------ Records supplied ------
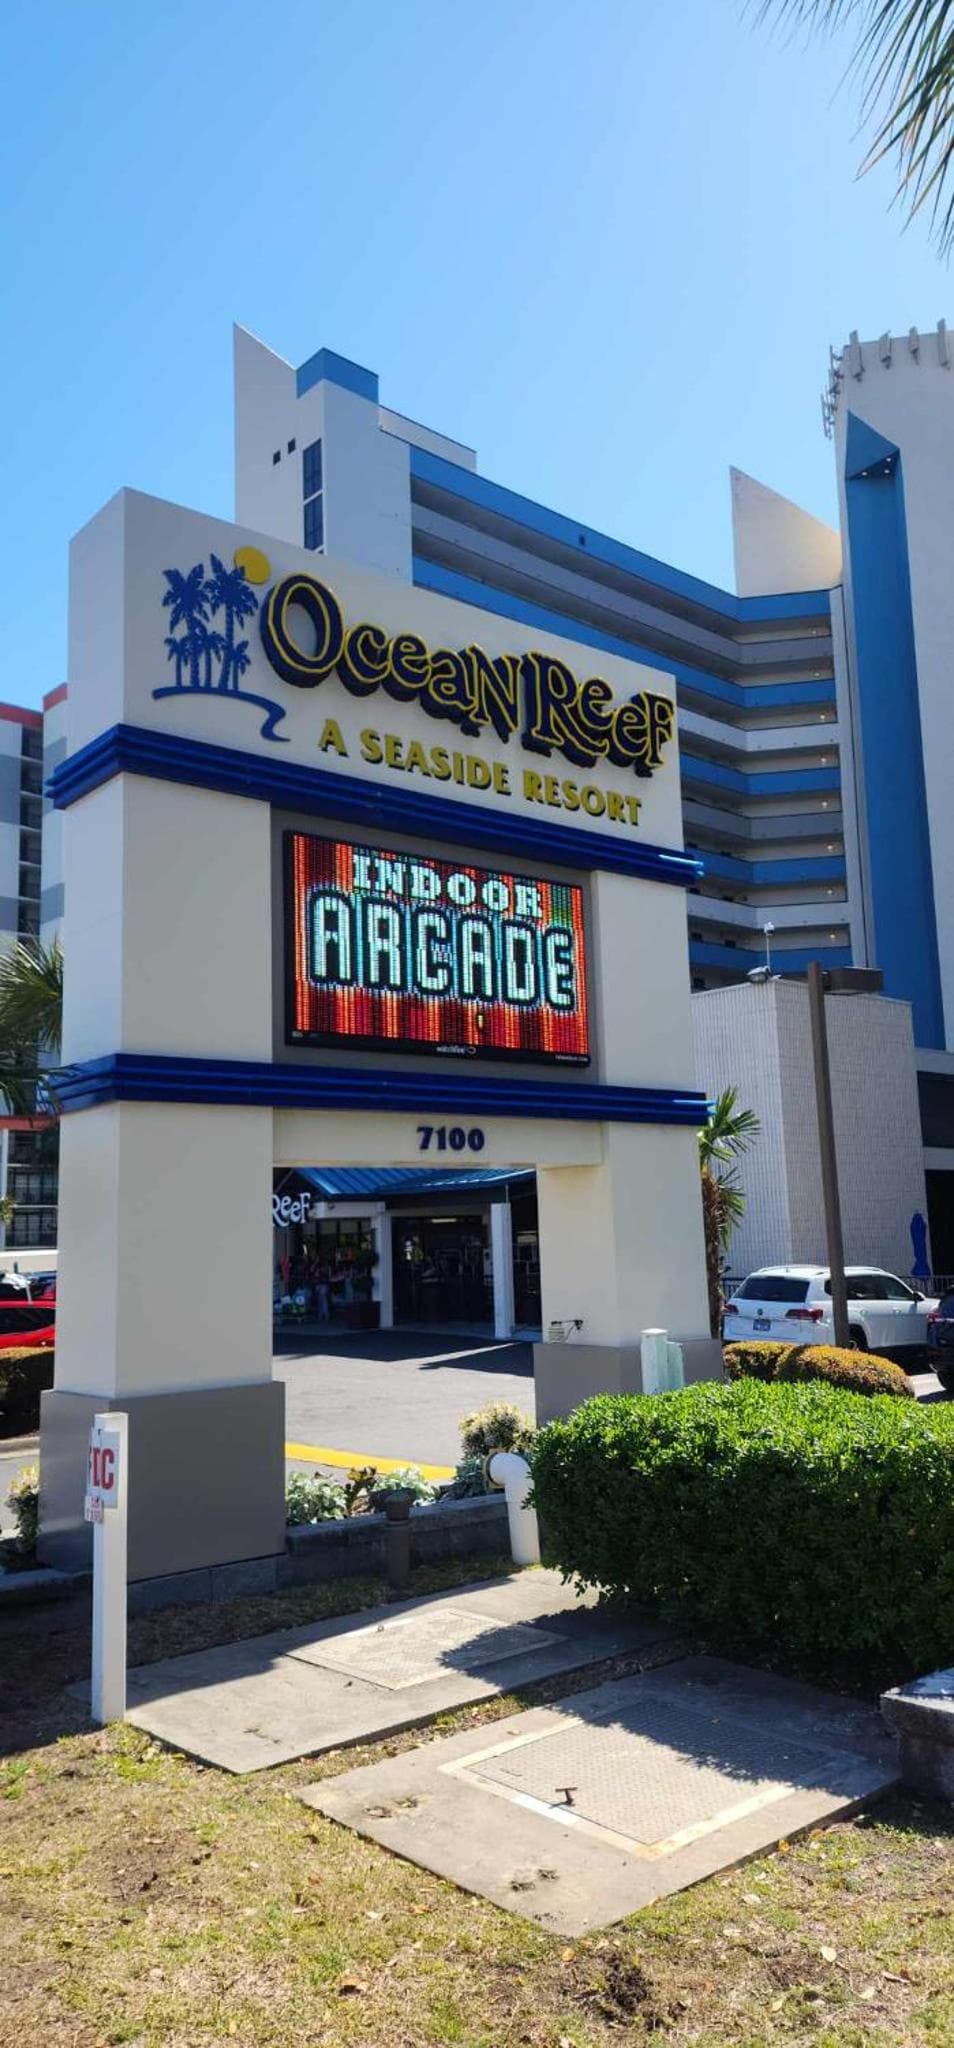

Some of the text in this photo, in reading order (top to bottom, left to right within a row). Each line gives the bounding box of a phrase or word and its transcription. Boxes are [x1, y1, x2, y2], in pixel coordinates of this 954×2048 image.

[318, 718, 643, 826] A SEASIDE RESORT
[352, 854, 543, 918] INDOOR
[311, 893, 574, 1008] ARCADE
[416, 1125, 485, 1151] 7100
------
**Work instruction:** Although the records above include pictures, the copy must contain only their exact text.

**Expected answer:**
Some of the text in this photo, in reading order (top to bottom, left to right within a row). Each line gives the bounding box of a phrase or word and its transcription. Boxes are [x1, y1, x2, y2], in pixel coordinates of this 954×2048 image.

[318, 718, 643, 826] A SEASIDE RESORT
[352, 854, 543, 918] INDOOR
[311, 893, 574, 1008] ARCADE
[416, 1125, 485, 1151] 7100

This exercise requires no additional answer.